AUTHOR=Rodríguez-Temporal David , Díez Rafael , Díaz-Navarro Marta , Escribano Pilar , Guinea Jesús , Muñoz Patricia , Rodríguez-Sánchez Belén , Guembe María TITLE=Determination of the ability of matrix-assisted laser desorption ionization time-of-flight mass spectrometry to identify high-biofilm-producing strains JOURNAL=Frontiers in Microbiology VOLUME=13 YEAR=2023 URL=https://www.frontiersin.org/journals/microbiology/articles/10.3389/fmicb.2022.1104405 DOI=10.3389/fmicb.2022.1104405 ISSN=1664-302X ABSTRACT=Background

The traditional method for assessing the capacity of a microorganism to produce biofilm is generally a static in vitro model in a multi-well plate using the crystal violet (CV) binding assay, which takes 96 h.
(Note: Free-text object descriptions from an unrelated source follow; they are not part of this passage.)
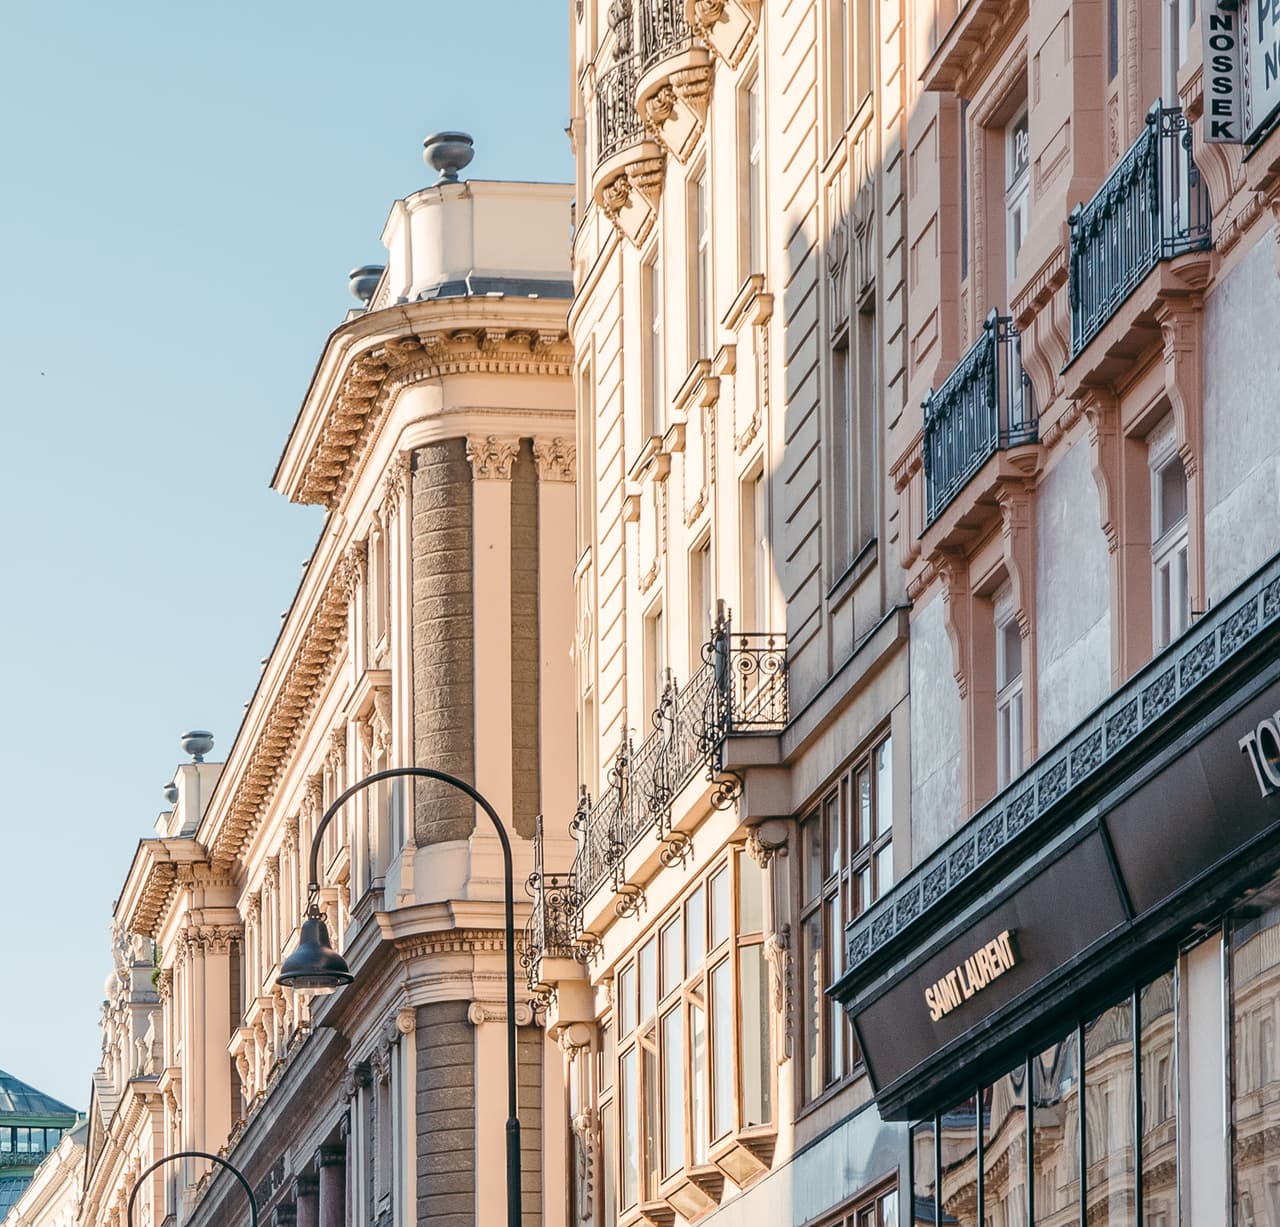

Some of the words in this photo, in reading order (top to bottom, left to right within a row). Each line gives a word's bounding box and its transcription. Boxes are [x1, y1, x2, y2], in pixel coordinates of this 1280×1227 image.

[1209, 14, 1235, 139] NOSSEK
[1238, 709, 1280, 798] TO
[925, 969, 963, 1022] SAINT
[956, 930, 1016, 1000] LAURENT
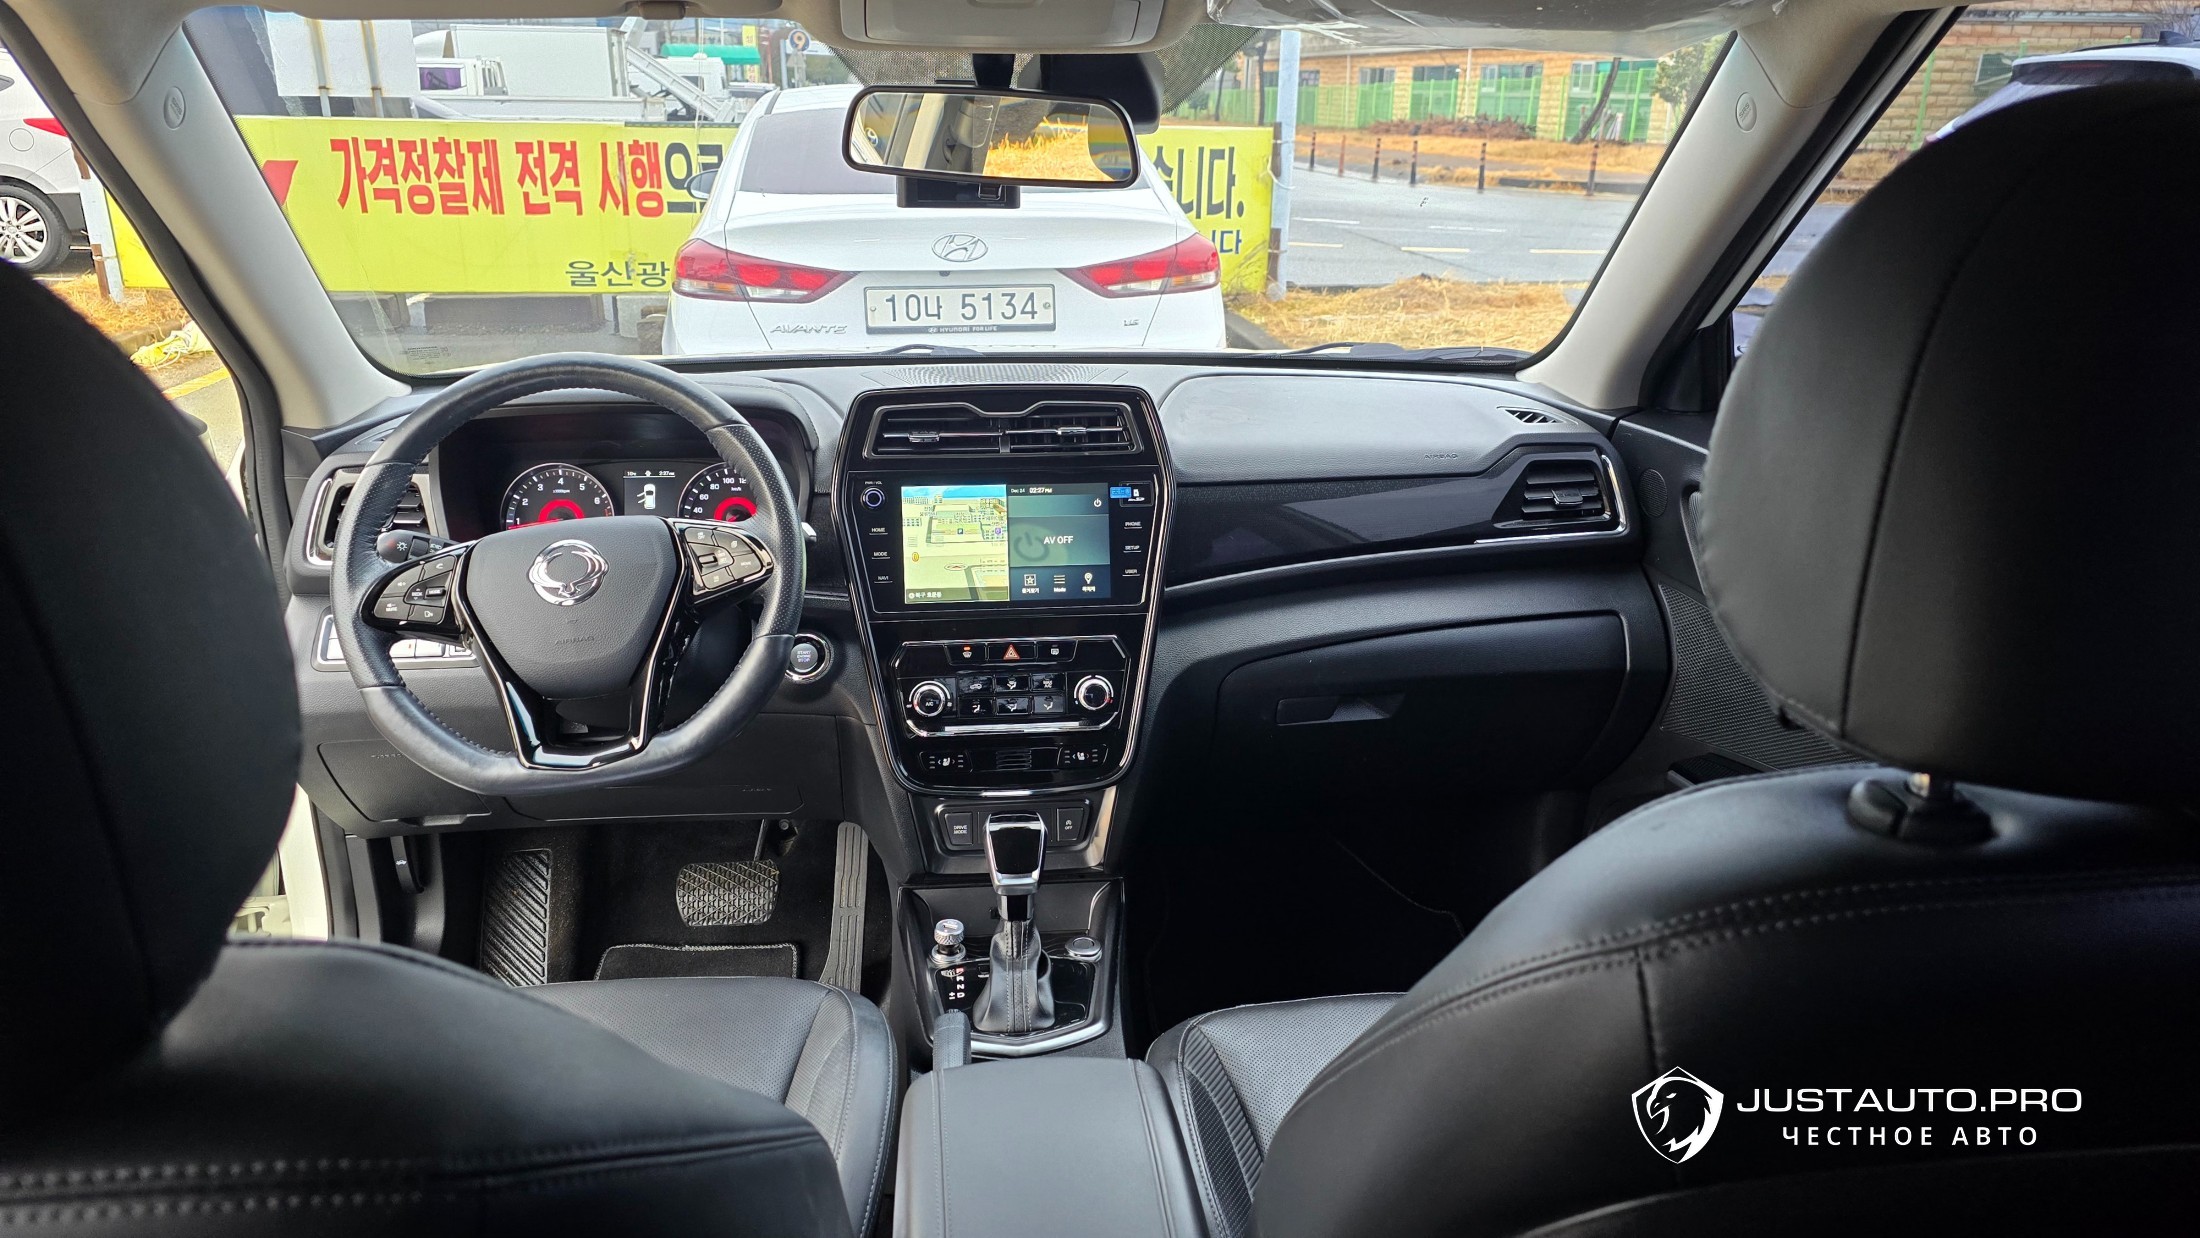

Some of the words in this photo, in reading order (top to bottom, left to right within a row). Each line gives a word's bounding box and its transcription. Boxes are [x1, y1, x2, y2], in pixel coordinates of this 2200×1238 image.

Furthermore, while the method is simple to perform, its reproducibility is poor.

Objective

We evaluated whether matrix-assisted laser desorption ionization time-of-flight mass spectrometry (MALDI-TOF MS) could make it possible to differentiate between high-and low-biofilm-producing microorganisms on 24-h cultures of Staphylococcus aureus and Candida albicans.

Methods

We included 157 strains of S. aureus and 91 strains of C. albicans obtained from the blood cultures of patients with bacteremia/candidemia. We tested biofilm production using the CV binding assay as the gold standard to classify strains as low or high biofilm producers. We then applied MALDI-TOF MS to create a machine learning–based predictive model using 40 strains of S. aureus and C. albicans, each with extreme absorbance values, and validated this approach with the remaining 117 and 51 strains using the random forest algorithm and the support vector machine algorithm, respectively.

Results

Overall, 81.2% of the S. aureus strains (95/117) and 74.5% of the C. albicans strains (38/51) used for validation were correctly categorized, respectively, as low and high-biofilm-producing.

Conclusion

Classification based on MALDI-TOF MS protein spectra enables us to predict acceptable information about the capacity of 24-h cultures of S. aureus and C. albicans to form biofilm.